> _Work task_
Exact transcription of the data below is required, without the images.

Start of Data in this exercise

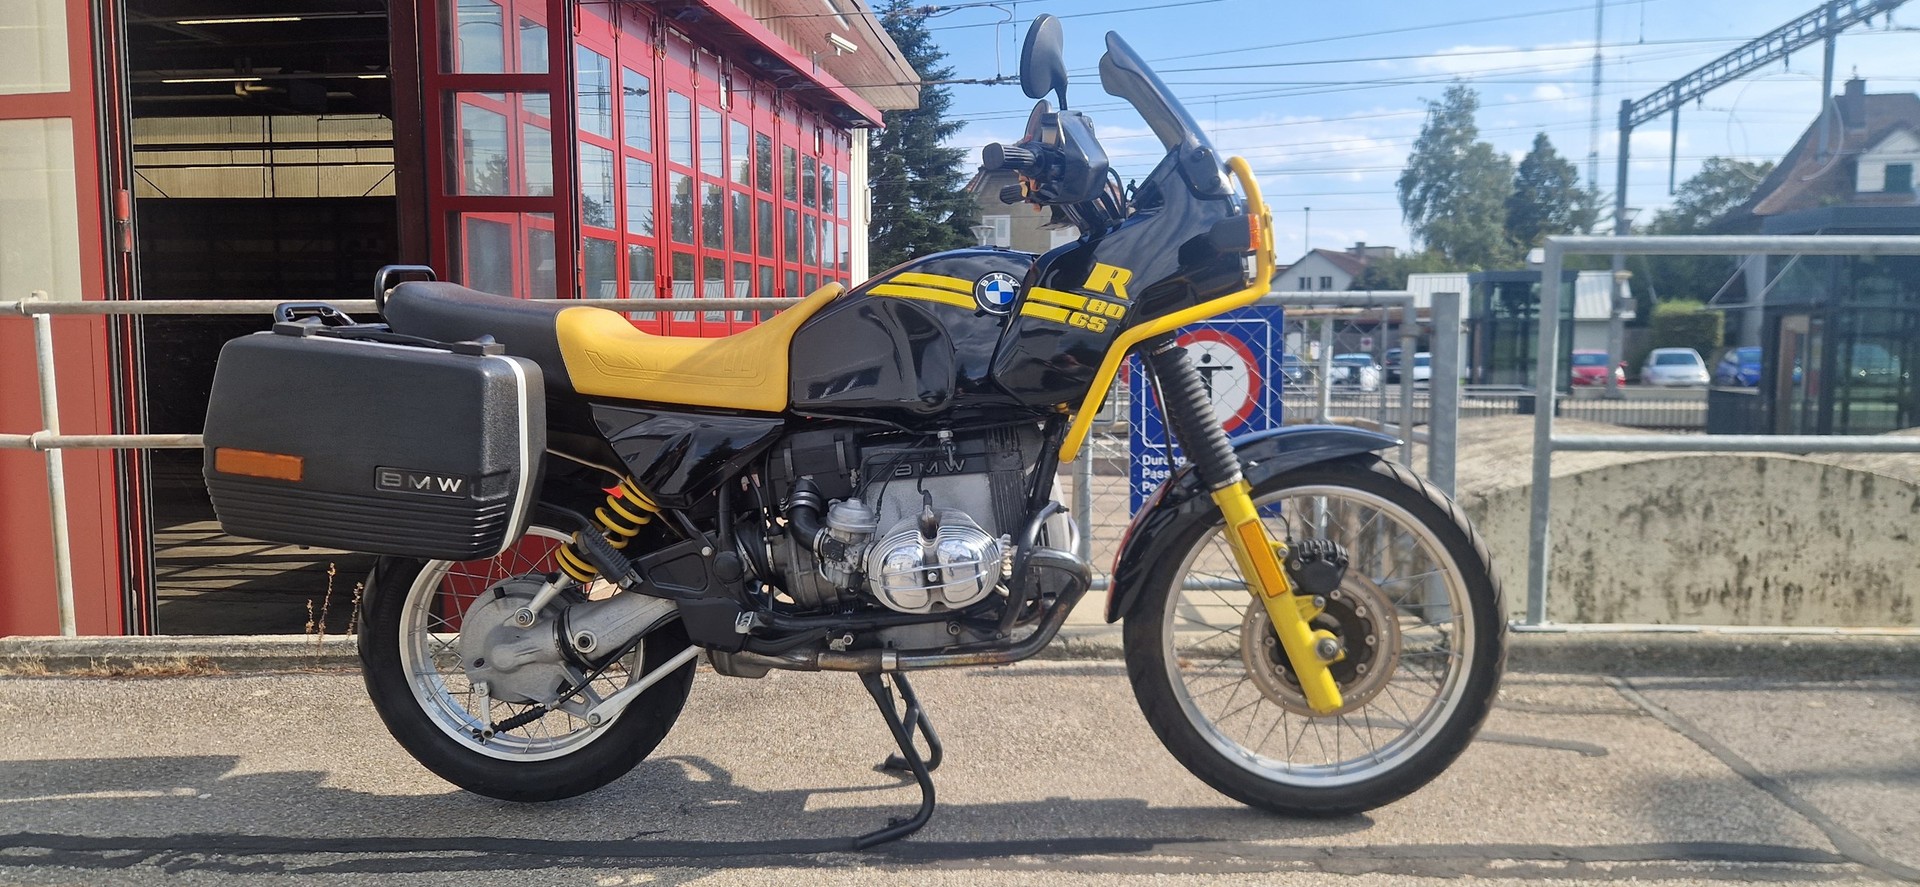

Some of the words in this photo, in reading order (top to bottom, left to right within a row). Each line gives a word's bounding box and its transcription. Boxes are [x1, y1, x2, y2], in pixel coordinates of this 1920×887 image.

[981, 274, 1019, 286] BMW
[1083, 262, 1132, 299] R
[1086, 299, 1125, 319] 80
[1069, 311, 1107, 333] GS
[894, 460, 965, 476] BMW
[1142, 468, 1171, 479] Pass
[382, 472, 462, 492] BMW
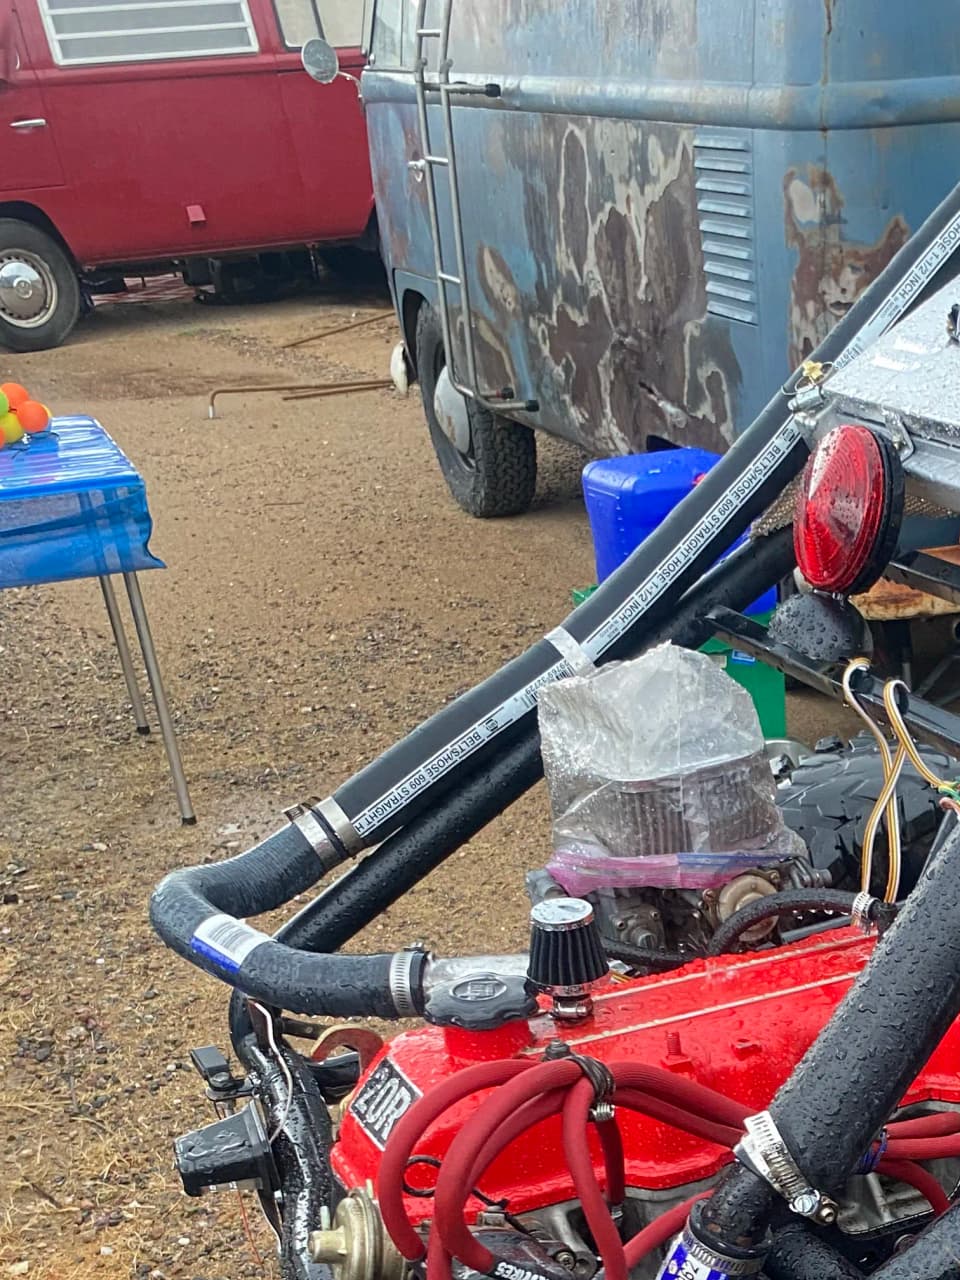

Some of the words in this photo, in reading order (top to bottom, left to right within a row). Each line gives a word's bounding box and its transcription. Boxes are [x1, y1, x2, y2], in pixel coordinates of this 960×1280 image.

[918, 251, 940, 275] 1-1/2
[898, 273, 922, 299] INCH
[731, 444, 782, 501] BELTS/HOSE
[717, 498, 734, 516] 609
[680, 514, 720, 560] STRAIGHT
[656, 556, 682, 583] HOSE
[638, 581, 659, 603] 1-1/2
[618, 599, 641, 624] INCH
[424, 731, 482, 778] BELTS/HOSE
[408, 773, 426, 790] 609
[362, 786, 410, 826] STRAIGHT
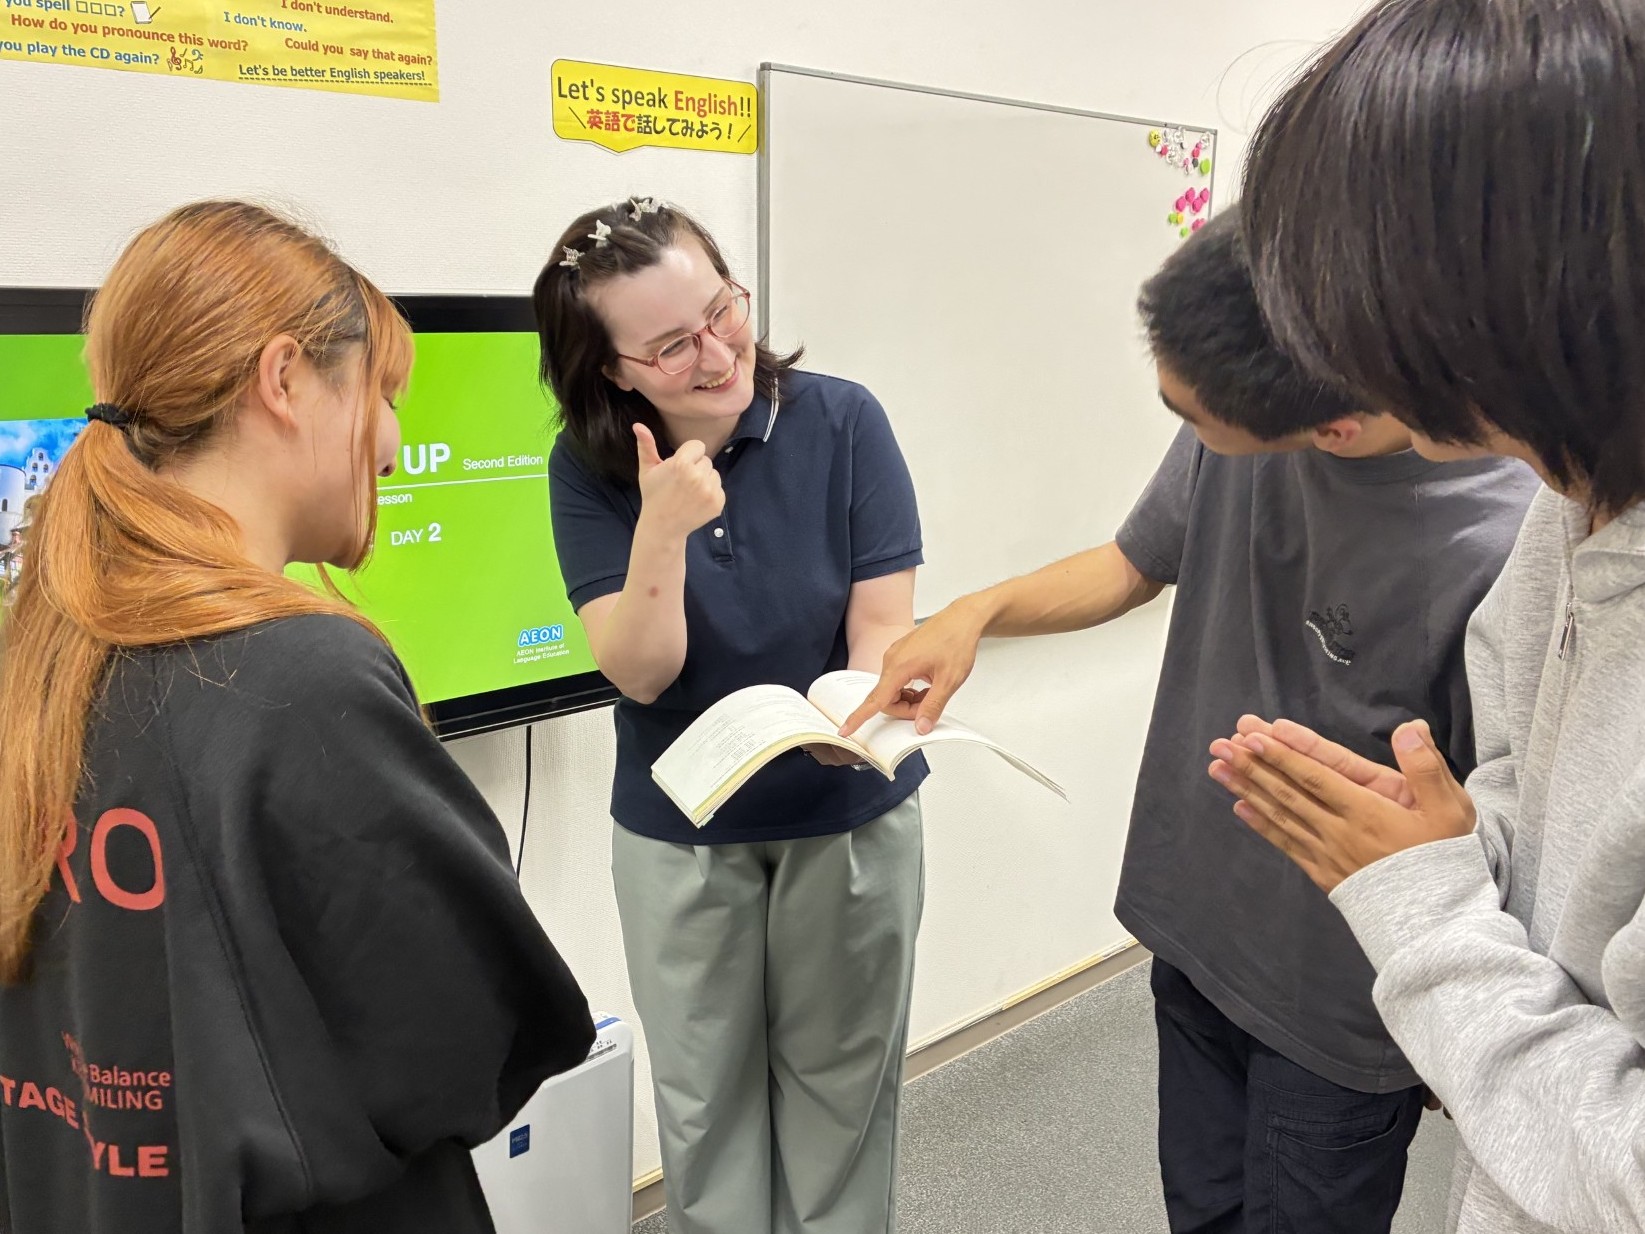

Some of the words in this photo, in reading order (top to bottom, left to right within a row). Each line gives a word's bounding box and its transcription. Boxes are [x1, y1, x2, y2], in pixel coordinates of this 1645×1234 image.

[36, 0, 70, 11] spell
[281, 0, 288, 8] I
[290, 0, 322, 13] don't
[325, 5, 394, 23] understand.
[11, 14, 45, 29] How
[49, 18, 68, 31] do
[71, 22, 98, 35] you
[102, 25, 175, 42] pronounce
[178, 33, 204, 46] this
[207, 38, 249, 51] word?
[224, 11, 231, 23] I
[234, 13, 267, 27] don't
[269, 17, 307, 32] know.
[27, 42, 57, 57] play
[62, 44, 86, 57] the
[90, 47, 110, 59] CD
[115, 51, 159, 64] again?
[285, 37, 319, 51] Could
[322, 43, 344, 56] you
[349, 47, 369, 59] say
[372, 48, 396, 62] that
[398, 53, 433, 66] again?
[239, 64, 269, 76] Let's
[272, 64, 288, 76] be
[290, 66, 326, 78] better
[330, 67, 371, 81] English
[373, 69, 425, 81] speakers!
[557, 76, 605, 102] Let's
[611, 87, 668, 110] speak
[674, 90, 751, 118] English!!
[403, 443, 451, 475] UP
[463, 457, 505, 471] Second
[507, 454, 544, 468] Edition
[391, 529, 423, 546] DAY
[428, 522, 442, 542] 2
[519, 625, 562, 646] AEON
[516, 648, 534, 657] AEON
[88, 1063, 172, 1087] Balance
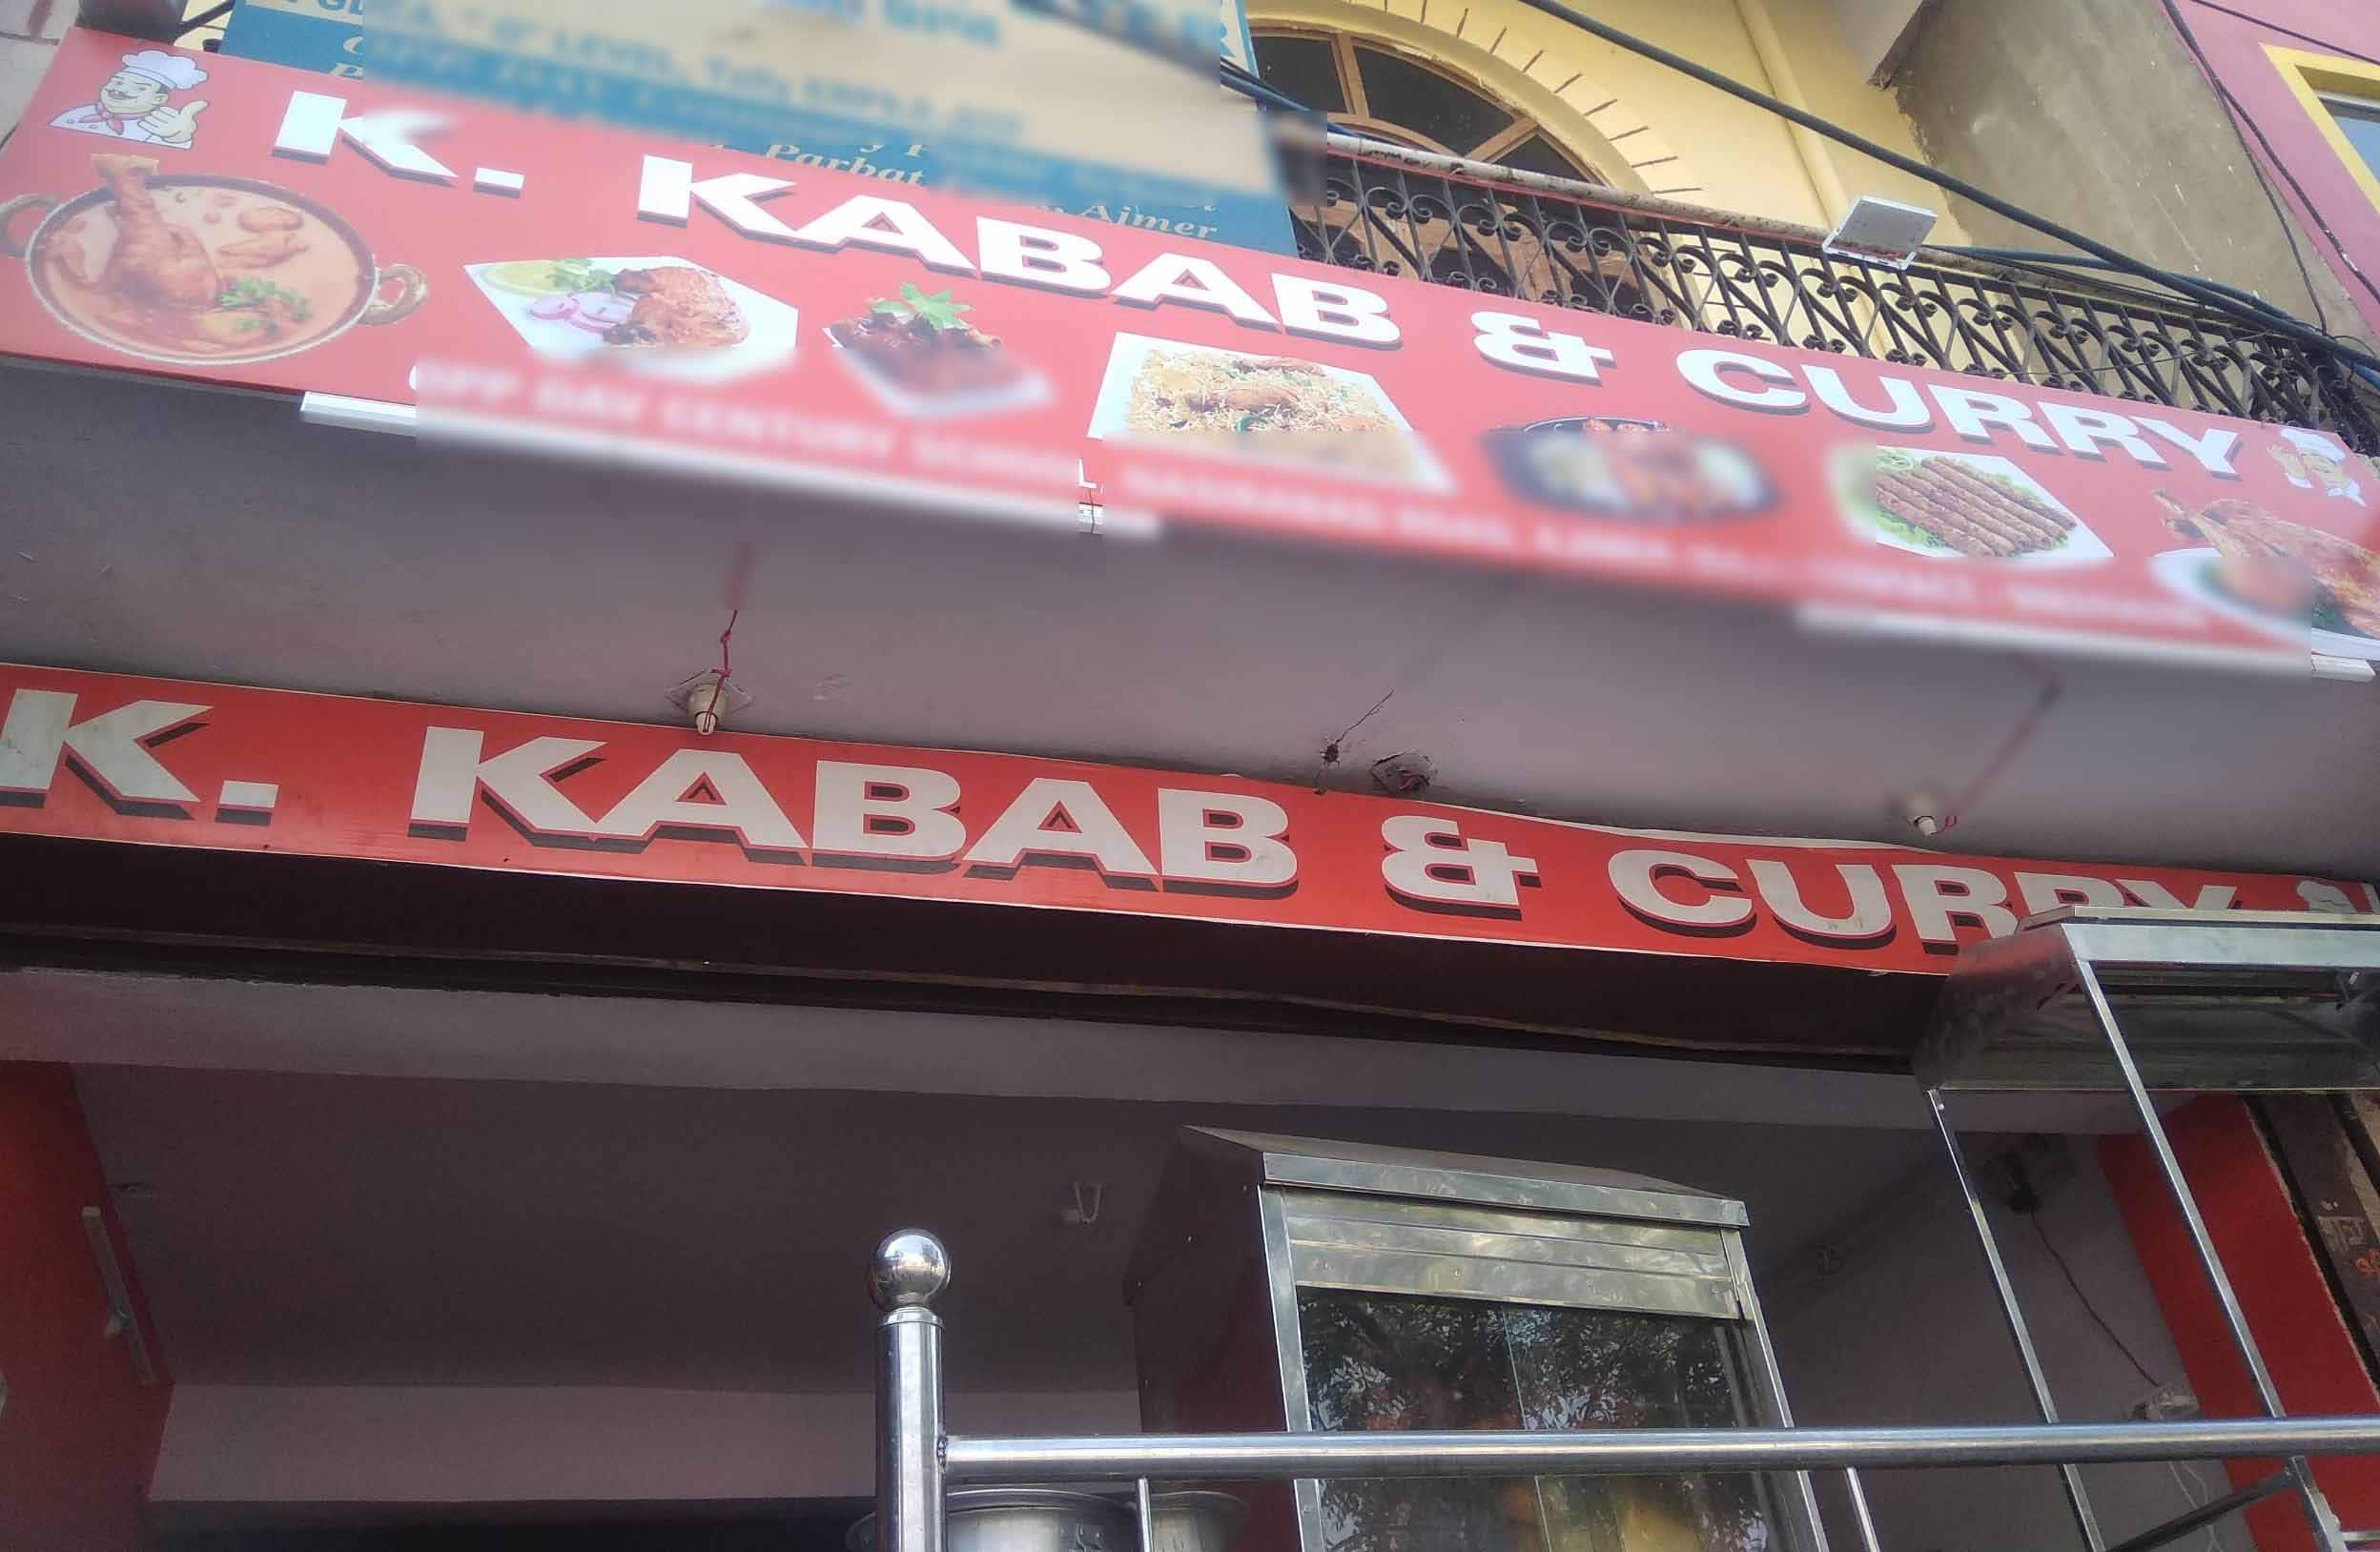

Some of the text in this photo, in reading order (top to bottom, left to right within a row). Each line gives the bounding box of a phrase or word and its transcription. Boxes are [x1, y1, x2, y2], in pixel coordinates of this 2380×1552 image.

End of Data in this exercise

> _Response below_
Some of the words in this photo, in reading order (top to bottom, left to right within a row). Each line gives a word's bounding box and its transcription. Boxes are [x1, y1, x2, y2], in pixel coordinates of this 1920×887 image.

[981, 274, 1019, 286] BMW
[1083, 262, 1132, 299] R
[1086, 299, 1125, 319] 80
[1069, 311, 1107, 333] GS
[894, 460, 965, 476] BMW
[1142, 468, 1171, 479] Pass
[382, 472, 462, 492] BMW

Some of the words in this photo, in reading order (top to bottom, left to right within a row). Each line gives a word's bounding box and its transcription. Boxes are [x1, y1, x2, y2], in pixel coordinates of this 960×1280 image.

[918, 251, 940, 275] 1-1/2
[898, 273, 922, 299] INCH
[731, 444, 782, 501] BELTS/HOSE
[717, 498, 734, 516] 609
[680, 514, 720, 560] STRAIGHT
[656, 556, 682, 583] HOSE
[638, 581, 659, 603] 1-1/2
[618, 599, 641, 624] INCH
[424, 731, 482, 778] BELTS/HOSE
[408, 773, 426, 790] 609
[362, 786, 410, 826] STRAIGHT

Some of the words in this photo, in reading order (top to bottom, left to right within a row). Each line gives a word's bounding box and its transcription. Boxes are [x1, y1, x2, y2], in pixel coordinates of this 1645×1234 image.

[36, 0, 70, 11] spell
[281, 0, 288, 8] I
[290, 0, 322, 13] don't
[325, 5, 394, 23] understand.
[11, 14, 45, 29] How
[49, 18, 68, 31] do
[71, 22, 98, 35] you
[102, 25, 175, 42] pronounce
[178, 33, 204, 46] this
[207, 38, 249, 51] word?
[224, 11, 231, 23] I
[234, 13, 267, 27] don't
[269, 17, 307, 32] know.
[27, 42, 57, 57] play
[62, 44, 86, 57] the
[90, 47, 110, 59] CD
[115, 51, 159, 64] again?
[285, 37, 319, 51] Could
[322, 43, 344, 56] you
[349, 47, 369, 59] say
[372, 48, 396, 62] that
[398, 53, 433, 66] again?
[239, 64, 269, 76] Let's
[272, 64, 288, 76] be
[290, 66, 326, 78] better
[330, 67, 371, 81] English
[373, 69, 425, 81] speakers!
[557, 76, 605, 102] Let's
[611, 87, 668, 110] speak
[674, 90, 751, 118] English!!
[403, 443, 451, 475] UP
[463, 457, 505, 471] Second
[507, 454, 544, 468] Edition
[391, 529, 423, 546] DAY
[428, 522, 442, 542] 2
[519, 625, 562, 646] AEON
[516, 648, 534, 657] AEON
[88, 1063, 172, 1087] Balance

Some of the text in this photo, in reading order (top to bottom, left to right within a row). Each line gives the bounding box of a phrase or word and its transcription. Boxes are [x1, y1, x2, y2], in pixel coordinates of this 2380×1552 image.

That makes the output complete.